[[ Data open ]]

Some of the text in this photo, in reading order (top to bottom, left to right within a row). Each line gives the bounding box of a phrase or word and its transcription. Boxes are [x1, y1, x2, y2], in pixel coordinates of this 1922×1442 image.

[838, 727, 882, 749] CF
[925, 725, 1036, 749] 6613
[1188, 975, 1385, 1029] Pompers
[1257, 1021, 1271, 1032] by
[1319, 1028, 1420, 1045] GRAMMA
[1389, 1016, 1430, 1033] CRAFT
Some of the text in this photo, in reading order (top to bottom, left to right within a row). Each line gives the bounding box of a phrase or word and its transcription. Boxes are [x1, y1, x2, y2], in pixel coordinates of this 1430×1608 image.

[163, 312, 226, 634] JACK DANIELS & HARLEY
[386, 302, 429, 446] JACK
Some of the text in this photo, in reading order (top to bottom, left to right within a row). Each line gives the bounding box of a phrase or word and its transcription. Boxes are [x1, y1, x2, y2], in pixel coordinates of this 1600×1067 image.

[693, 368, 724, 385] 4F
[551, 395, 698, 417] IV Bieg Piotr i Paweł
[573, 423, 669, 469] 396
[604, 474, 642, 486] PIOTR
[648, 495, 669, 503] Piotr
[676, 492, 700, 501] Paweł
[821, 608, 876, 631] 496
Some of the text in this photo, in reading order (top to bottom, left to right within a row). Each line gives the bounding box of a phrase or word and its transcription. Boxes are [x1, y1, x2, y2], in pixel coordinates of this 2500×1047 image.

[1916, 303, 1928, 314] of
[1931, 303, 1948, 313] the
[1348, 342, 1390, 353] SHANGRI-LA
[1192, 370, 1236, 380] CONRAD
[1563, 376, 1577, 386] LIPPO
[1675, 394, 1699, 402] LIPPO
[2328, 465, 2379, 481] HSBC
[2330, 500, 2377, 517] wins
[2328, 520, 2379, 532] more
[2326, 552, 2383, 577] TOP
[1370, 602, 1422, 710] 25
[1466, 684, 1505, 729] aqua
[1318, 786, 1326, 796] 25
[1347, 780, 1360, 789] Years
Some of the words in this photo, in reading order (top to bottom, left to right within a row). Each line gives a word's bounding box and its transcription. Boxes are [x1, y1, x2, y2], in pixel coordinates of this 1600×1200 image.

[[ Data closed ]]

◆ Your instructions: Please quote the data above in full, with no line missing.

◆ Task result:
Some of the text in this photo, in reading order (top to bottom, left to right within a row). Each line gives the bounding box of a phrase or word and its transcription. Boxes are [x1, y1, x2, y2], in pixel coordinates of this 1922×1442 image.

[838, 727, 882, 749] CF
[925, 725, 1036, 749] 6613
[1188, 975, 1385, 1029] Pompers
[1257, 1021, 1271, 1032] by
[1319, 1028, 1420, 1045] GRAMMA
[1389, 1016, 1430, 1033] CRAFT
Some of the text in this photo, in reading order (top to bottom, left to right within a row). Each line gives the bounding box of a phrase or word and its transcription. Boxes are [x1, y1, x2, y2], in pixel coordinates of this 1430×1608 image.

[163, 312, 226, 634] JACK DANIELS & HARLEY
[386, 302, 429, 446] JACK
Some of the text in this photo, in reading order (top to bottom, left to right within a row). Each line gives the bounding box of a phrase or word and its transcription. Boxes are [x1, y1, x2, y2], in pixel coordinates of this 1600×1067 image.

[693, 368, 724, 385] 4F
[551, 395, 698, 417] IV Bieg Piotr i Paweł
[573, 423, 669, 469] 396
[604, 474, 642, 486] PIOTR
[648, 495, 669, 503] Piotr
[676, 492, 700, 501] Paweł
[821, 608, 876, 631] 496
Some of the text in this photo, in reading order (top to bottom, left to right within a row). Each line gives the bounding box of a phrase or word and its transcription. Boxes are [x1, y1, x2, y2], in pixel coordinates of this 2500×1047 image.

[1916, 303, 1928, 314] of
[1931, 303, 1948, 313] the
[1348, 342, 1390, 353] SHANGRI-LA
[1192, 370, 1236, 380] CONRAD
[1563, 376, 1577, 386] LIPPO
[1675, 394, 1699, 402] LIPPO
[2328, 465, 2379, 481] HSBC
[2330, 500, 2377, 517] wins
[2328, 520, 2379, 532] more
[2326, 552, 2383, 577] TOP
[1370, 602, 1422, 710] 25
[1466, 684, 1505, 729] aqua
[1318, 786, 1326, 796] 25
[1347, 780, 1360, 789] Years
Some of the words in this photo, in reading order (top to bottom, left to right within a row). Each line gives a word's bounding box and its transcription. Boxes are [x1, y1, x2, y2], in pixel coordinates of this 1600×1200 image.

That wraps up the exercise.